**Exercise details**. Find the line that contains "this 1500×1125 image."; then retype it and each line after it, exactly, through the final line of the data below.

**Given data**.
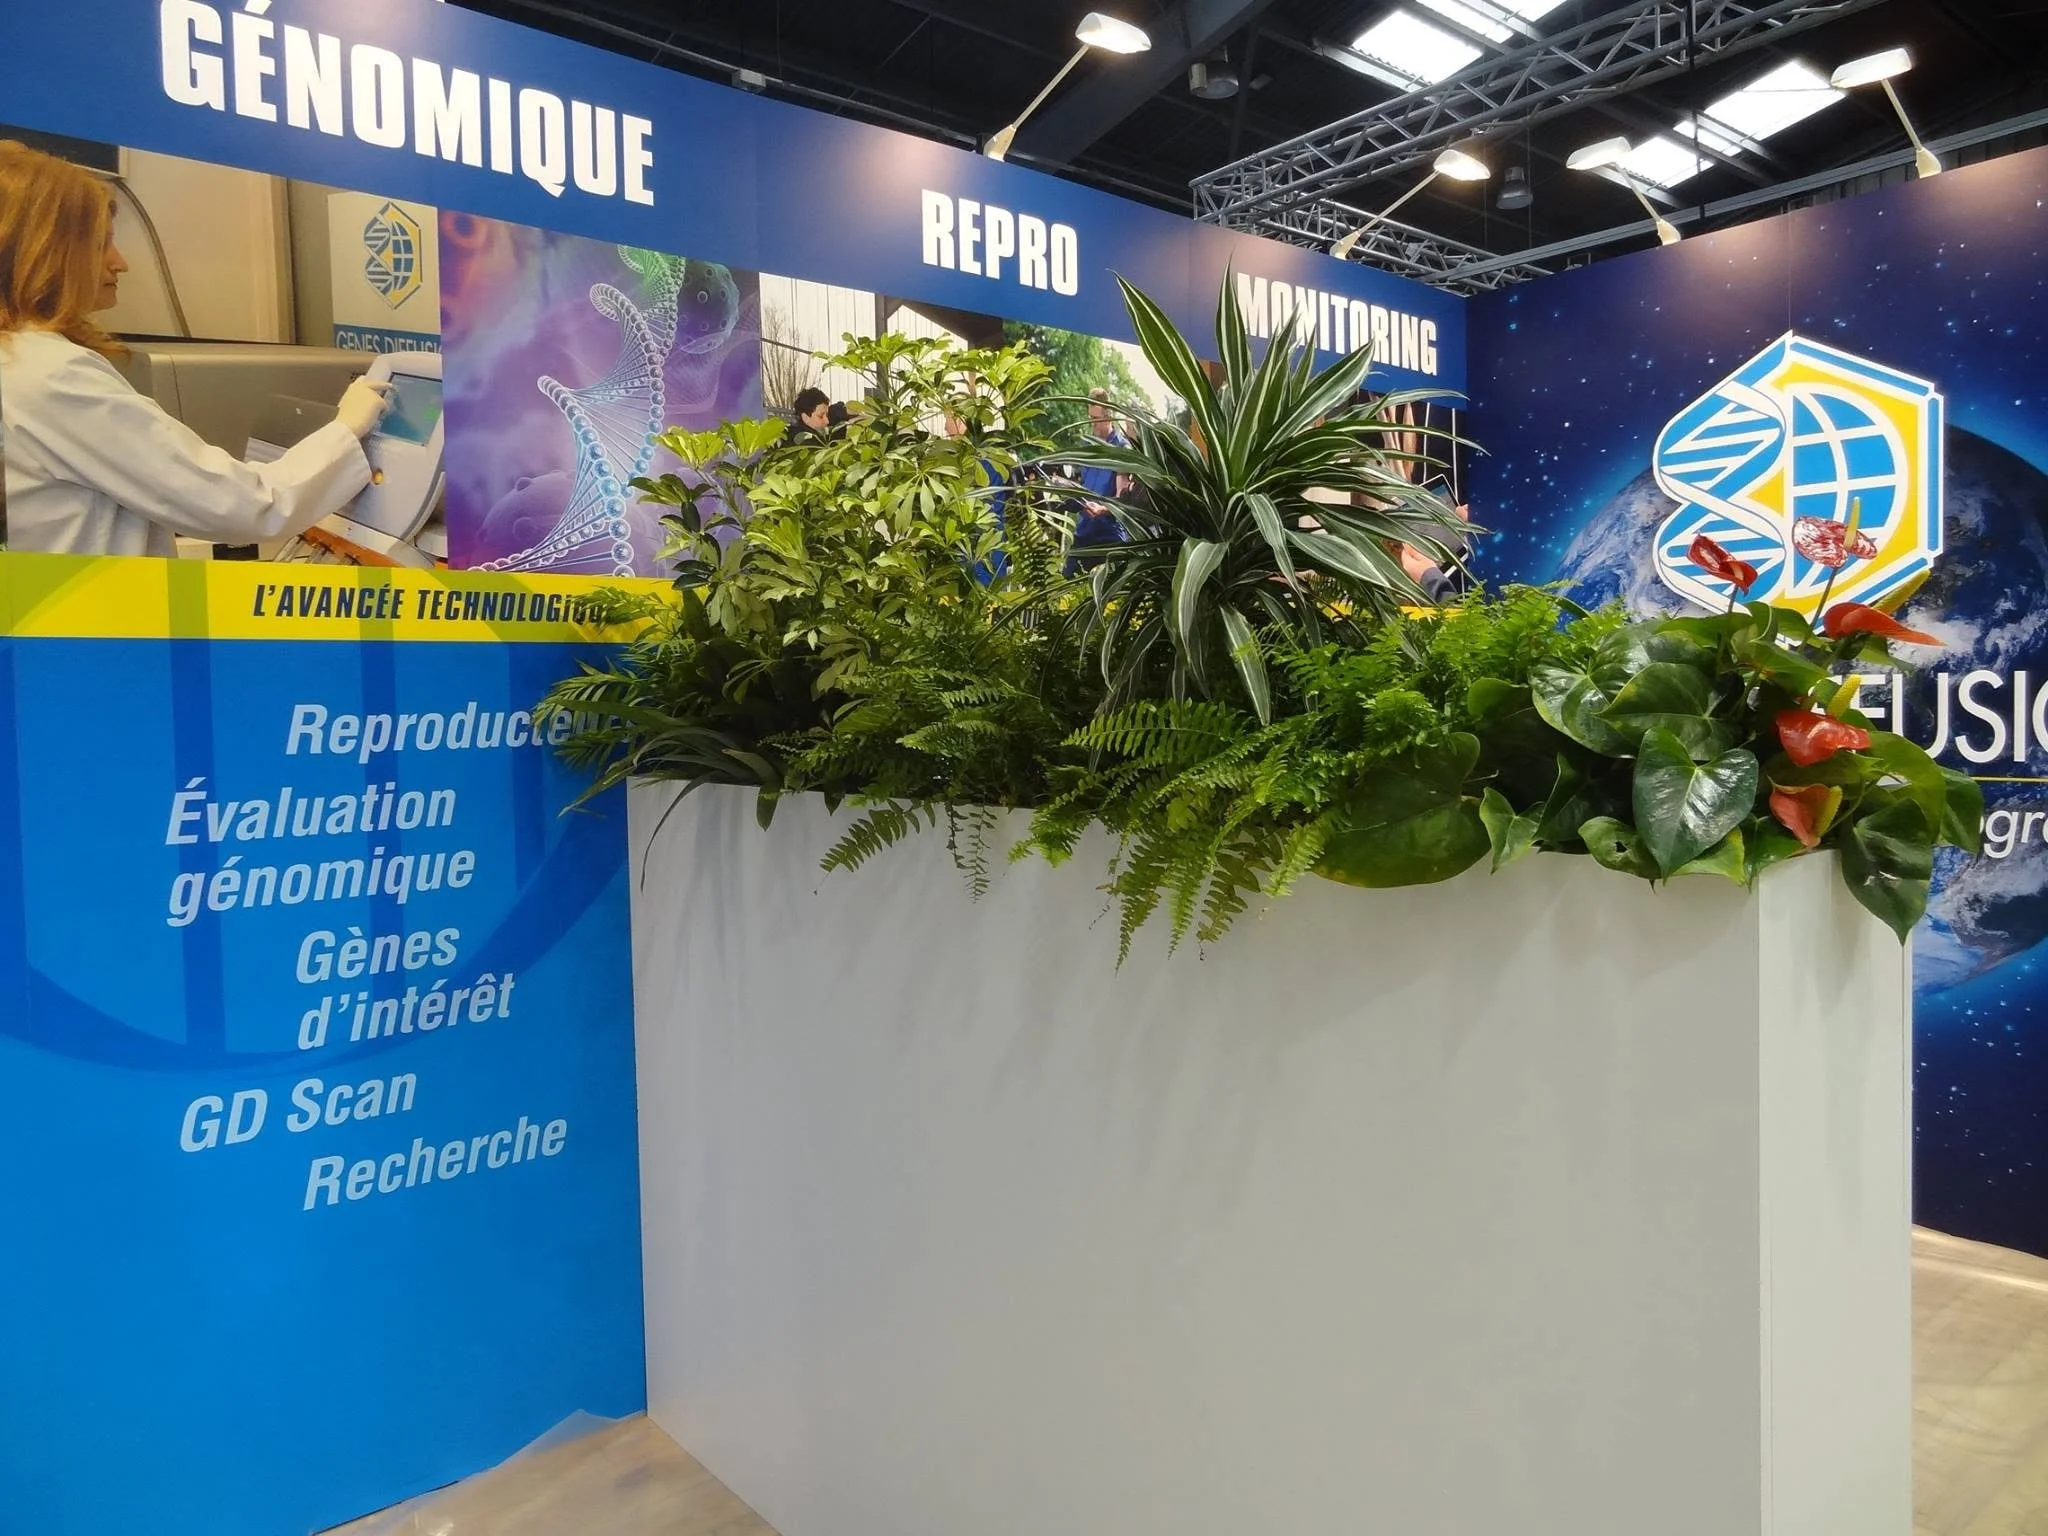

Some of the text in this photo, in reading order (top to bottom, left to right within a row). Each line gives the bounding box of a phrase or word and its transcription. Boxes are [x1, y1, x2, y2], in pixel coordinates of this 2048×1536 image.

[160, 0, 655, 206] GÉNOMIQUE
[921, 188, 1079, 296] REPRO
[1237, 272, 1438, 376] MONITORING
[253, 584, 606, 626] L'AVANCÉE TECHNOLOGIQU
[286, 701, 637, 764] Reproducteu
[165, 776, 456, 845] Évaluation
[166, 847, 475, 927] génomique
[296, 926, 460, 983] Gènes
[297, 973, 515, 1050] d'intérêt
[180, 1073, 417, 1153] GD Scan
[303, 1116, 568, 1211] Recherche
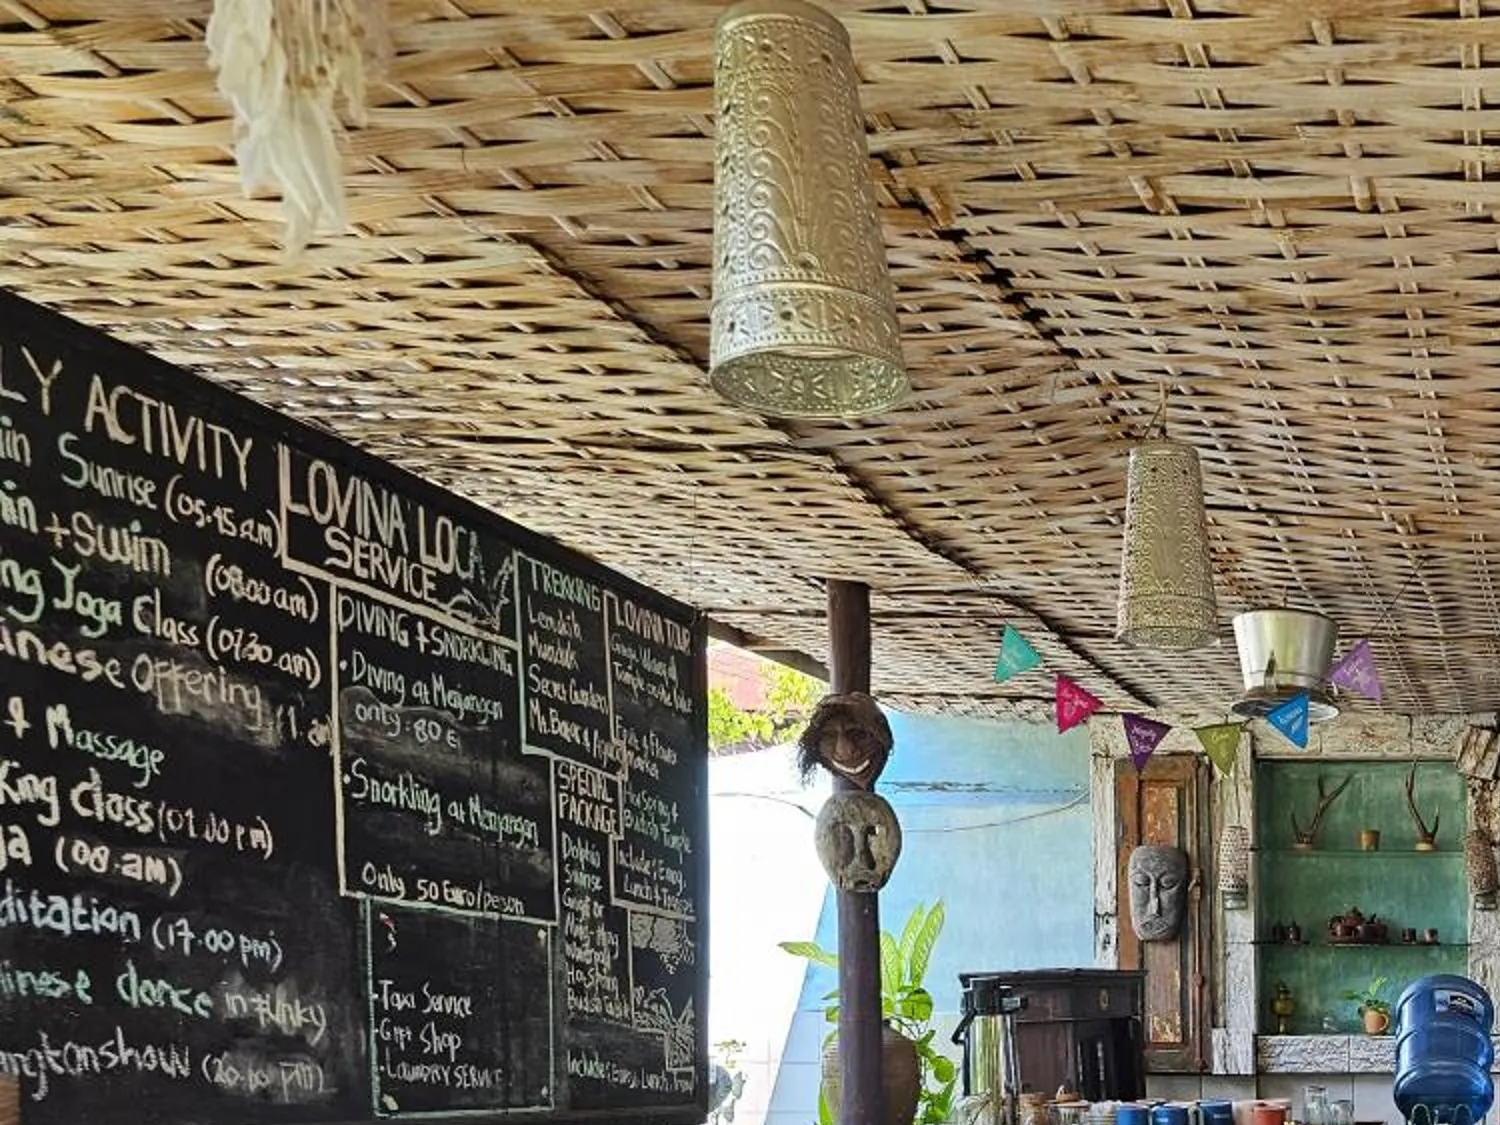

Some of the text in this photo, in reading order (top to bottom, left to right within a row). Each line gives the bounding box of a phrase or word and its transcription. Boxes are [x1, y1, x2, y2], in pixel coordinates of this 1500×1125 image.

[84, 373, 252, 490] ACTIVITY
[58, 432, 157, 509] Sunrise
[277, 442, 409, 554] LOVINA
[324, 526, 437, 603] SERVICE
[51, 556, 122, 638] Yoga
[132, 588, 199, 646] Class
[338, 591, 410, 647] DIVING
[351, 650, 405, 705] Diving
[45, 704, 164, 788] Massage
[559, 793, 617, 838] PACKAGE
[417, 879, 439, 901] 50
[378, 979, 416, 1011] Taxi
[420, 1021, 462, 1063] Shop

**Answer**.
Some of the text in this photo, in reading order (top to bottom, left to right within a row). Each line gives the bounding box of a phrase or word and its transcription. Boxes are [x1, y1, x2, y2], in pixel coordinates of this 1500×1125 image.

[84, 373, 252, 490] ACTIVITY
[58, 432, 157, 509] Sunrise
[277, 442, 409, 554] LOVINA
[324, 526, 437, 603] SERVICE
[51, 556, 122, 638] Yoga
[132, 588, 199, 646] Class
[338, 591, 410, 647] DIVING
[351, 650, 405, 705] Diving
[45, 704, 164, 788] Massage
[559, 793, 617, 838] PACKAGE
[417, 879, 439, 901] 50
[378, 979, 416, 1011] Taxi
[420, 1021, 462, 1063] Shop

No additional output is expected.